Assistant Professor of Finance
Kelly Shue, assistant professor of finance, explains her findings on corporate social responsibility (CSR) among executives and managers in the workplace, as well as her challenges quantifying social behaviors.
As an applied math major at Harvard University, Kelly Shue became interested in applied issues and the social sciences. She found that combining economics and finance was the best way to pursue her interests, and went on to receive her PhD in economics from Harvard. Shue currently teaches Corporation Finance here at Booth, while also researching matters of behavioral finance, including the extent to which financial markets underreact to “no news,” applied microeconomics, and altruistic behaviors in the workplace.
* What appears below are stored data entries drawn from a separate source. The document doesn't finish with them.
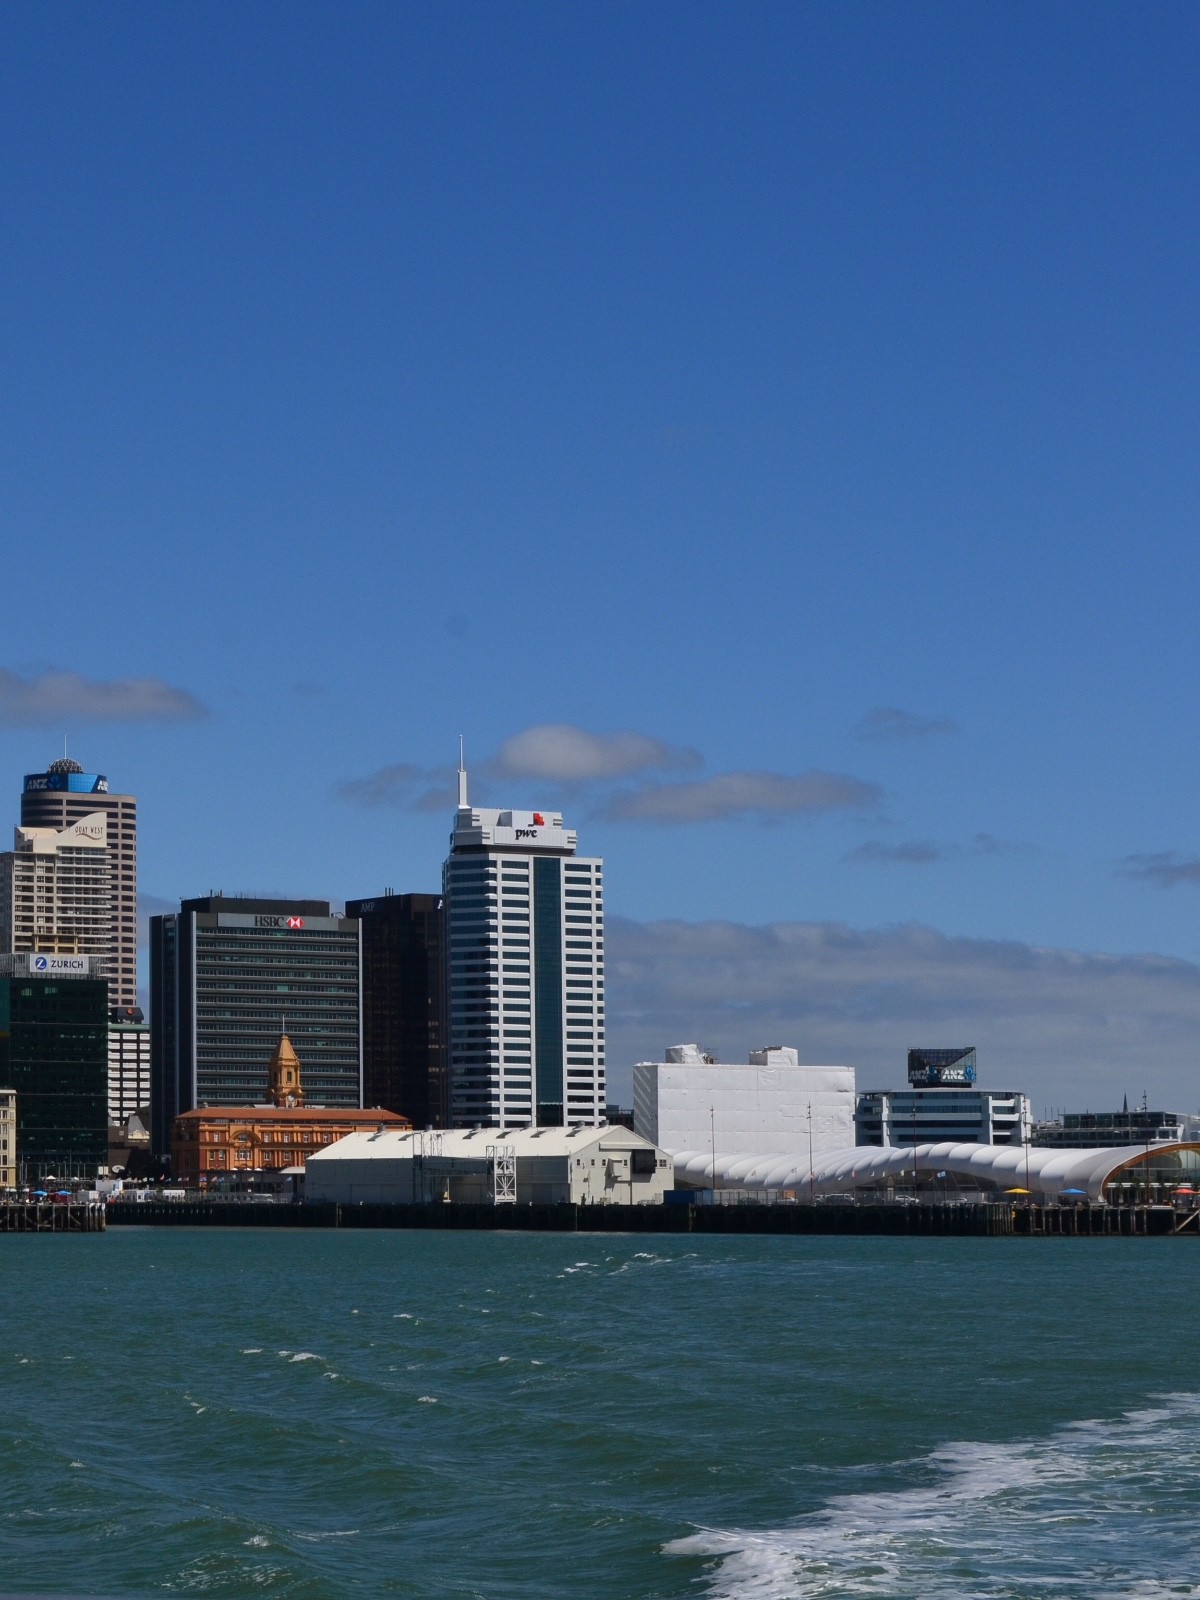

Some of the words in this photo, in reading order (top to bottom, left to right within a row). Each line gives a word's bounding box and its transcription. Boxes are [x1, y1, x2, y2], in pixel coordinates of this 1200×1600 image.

[27, 779, 48, 791] ANZ
[90, 826, 104, 834] WEST
[515, 829, 537, 840] pwc
[254, 916, 285, 928] HSBC
[51, 960, 84, 969] ZURICH
[943, 1069, 965, 1080] ANZ
Shue’s research looks at how the compensation of executives can lead them to take on more risk, and how mental-accounting biases among executives explain the trend in growth and compensation. Additionally, she has done some work in behavioral economics, regarding how individuals are often influenced by their peers. Her experiment followed Harvard Business School graduates, who went on to become CEOs. Shue found that their behaviors changed over time to become more like those of their MBA peers.
A second project covers the idea that the passage of time, without the occurrence of other major events, can itself be informative. “If you go through a long period without terrorist attacks, that can tell you that the government is doing a good job preventing these terrorist attacks,” Shue says. “But because this information is rather quiet, people may not fully react to this type of information. So we study that in financial markets.”
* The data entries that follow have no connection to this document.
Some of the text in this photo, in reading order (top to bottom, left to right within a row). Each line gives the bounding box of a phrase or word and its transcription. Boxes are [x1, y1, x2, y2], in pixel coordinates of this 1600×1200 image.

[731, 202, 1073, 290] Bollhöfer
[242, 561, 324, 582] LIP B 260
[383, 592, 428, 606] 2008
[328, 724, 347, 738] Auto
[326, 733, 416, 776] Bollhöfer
One of Shue’s most significant research projects has to do with corporate social responsibility (CSR) and the premise that if a manager has very altruistic preferences, these may conflict with the preferences of shareholders. This research challenges the existing literature, she says, “which has largely argued that engaging in more CSR benefits everybody including shareholders.”
In her paper entitled, “Do Managers Do Good with Other Peoples’ Money?,” Shue writes that as managerial ownership increases, managers become more concerned about firm profits and they engage in less CSR. “And we also find that as governance improves, managers also reduce CSR. This suggests that managers value doing good for themselves, and sometimes instead of donating [one’s own] money, it is rather cheaper to donate the firm’s money.”
As profits improve, Shue found that engagement in CSR decreases. She caveats this assertion, highlighting that her research does not claim CSR to be detrimental, simply that it is not always in line with agendas for profit-maximization. “There can be many forms of CSR that actually do improve both firm profits and social welfare. All we are finding is that, on the margin, managers seem to be doing too much to the point that it is lowering shareholder value.”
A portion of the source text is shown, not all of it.